= Beginning of Section =
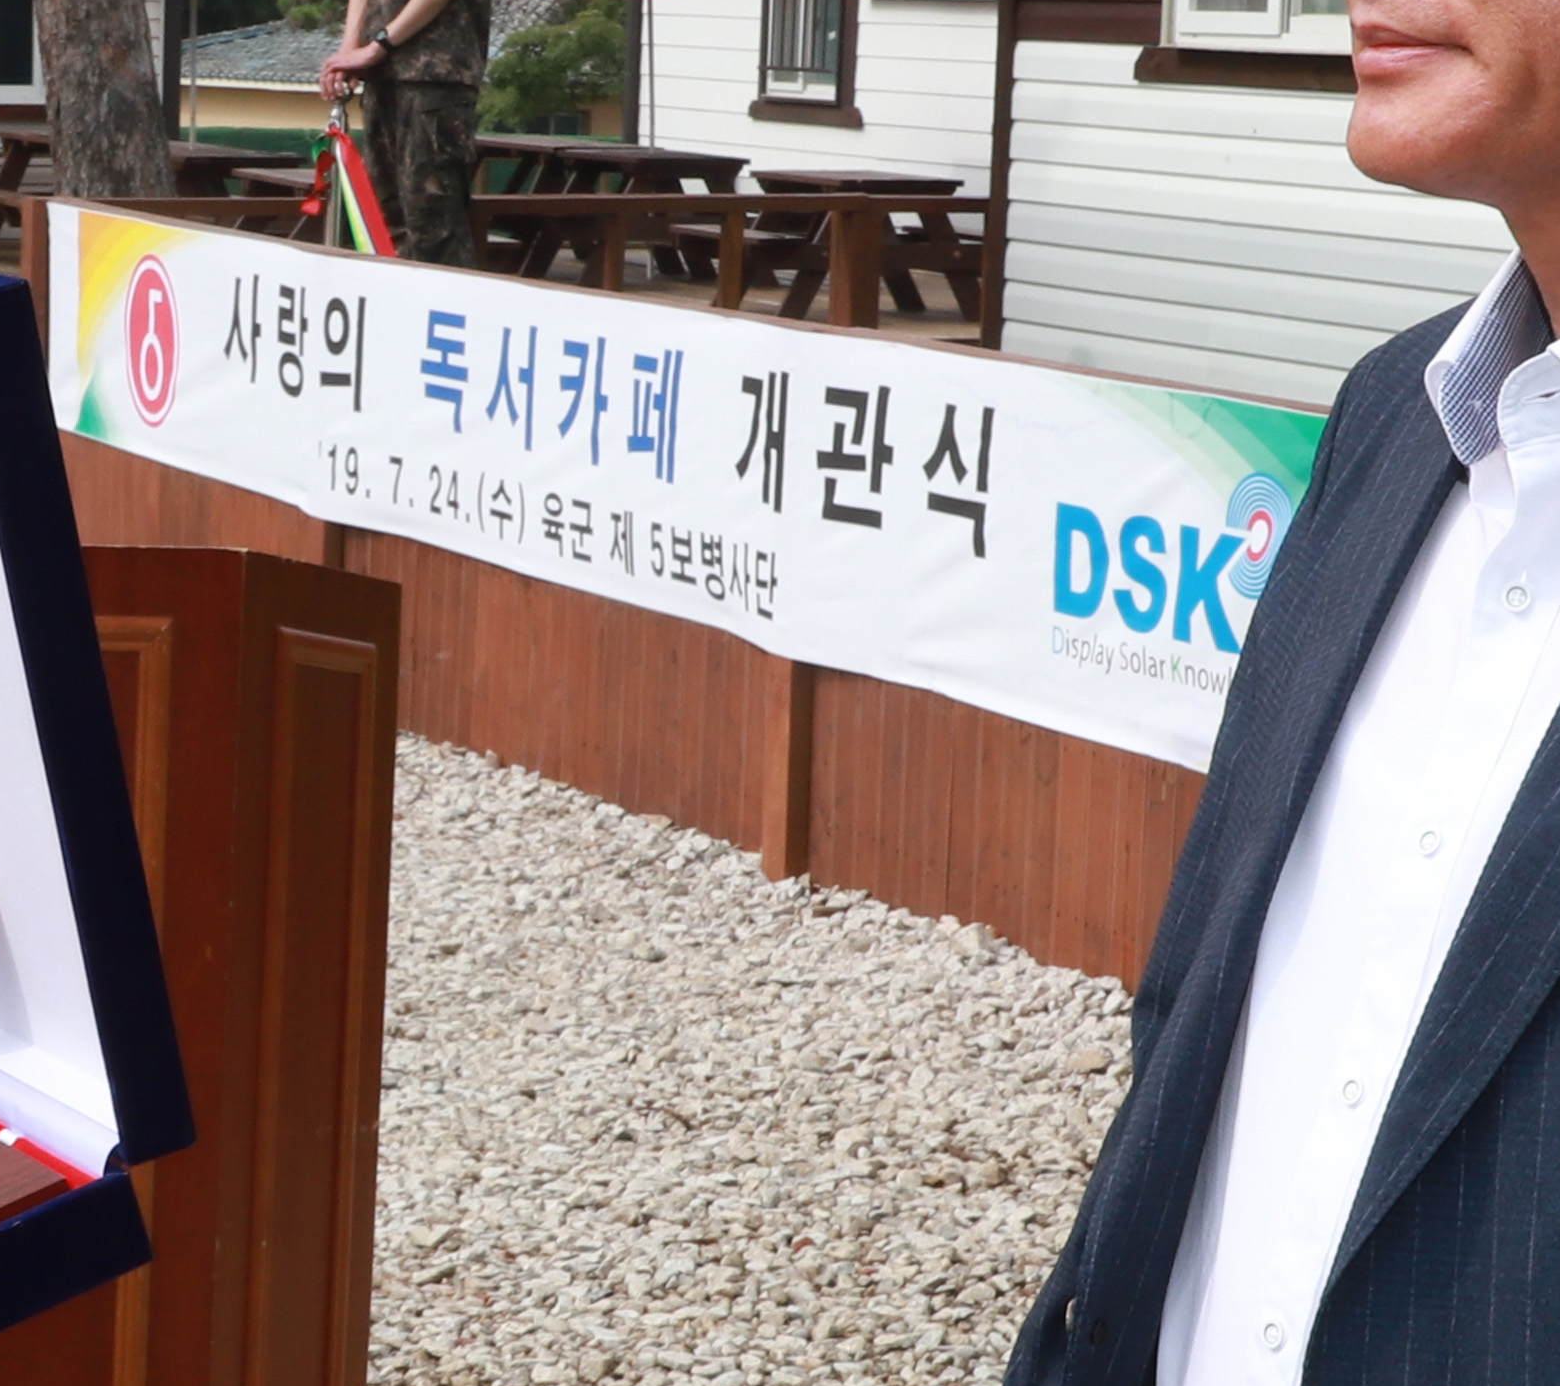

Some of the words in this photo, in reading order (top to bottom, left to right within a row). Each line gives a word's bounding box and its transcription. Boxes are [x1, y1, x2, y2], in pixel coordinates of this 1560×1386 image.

[224, 274, 366, 412] 사랑의
[421, 309, 684, 484] 독서카페
[735, 371, 995, 558] 개관식
[541, 493, 594, 563] 육군
[650, 522, 778, 620] 5보병사단
[1053, 501, 1246, 654] DSK
[1052, 625, 1116, 674] Display
[1119, 642, 1166, 680] Solar
[1171, 654, 1235, 695] Knowl
= End of Section =
Every line of the data above is to be repeated exactly; the images are to be left out.

> [Solution for this exercise]:
Some of the words in this photo, in reading order (top to bottom, left to right within a row). Each line gives a word's bounding box and its transcription. Boxes are [x1, y1, x2, y2], in pixel coordinates of this 1560×1386 image.

[224, 274, 366, 412] 사랑의
[421, 309, 684, 484] 독서카페
[735, 371, 995, 558] 개관식
[541, 493, 594, 563] 육군
[650, 522, 778, 620] 5보병사단
[1053, 501, 1246, 654] DSK
[1052, 625, 1116, 674] Display
[1119, 642, 1166, 680] Solar
[1171, 654, 1235, 695] Knowl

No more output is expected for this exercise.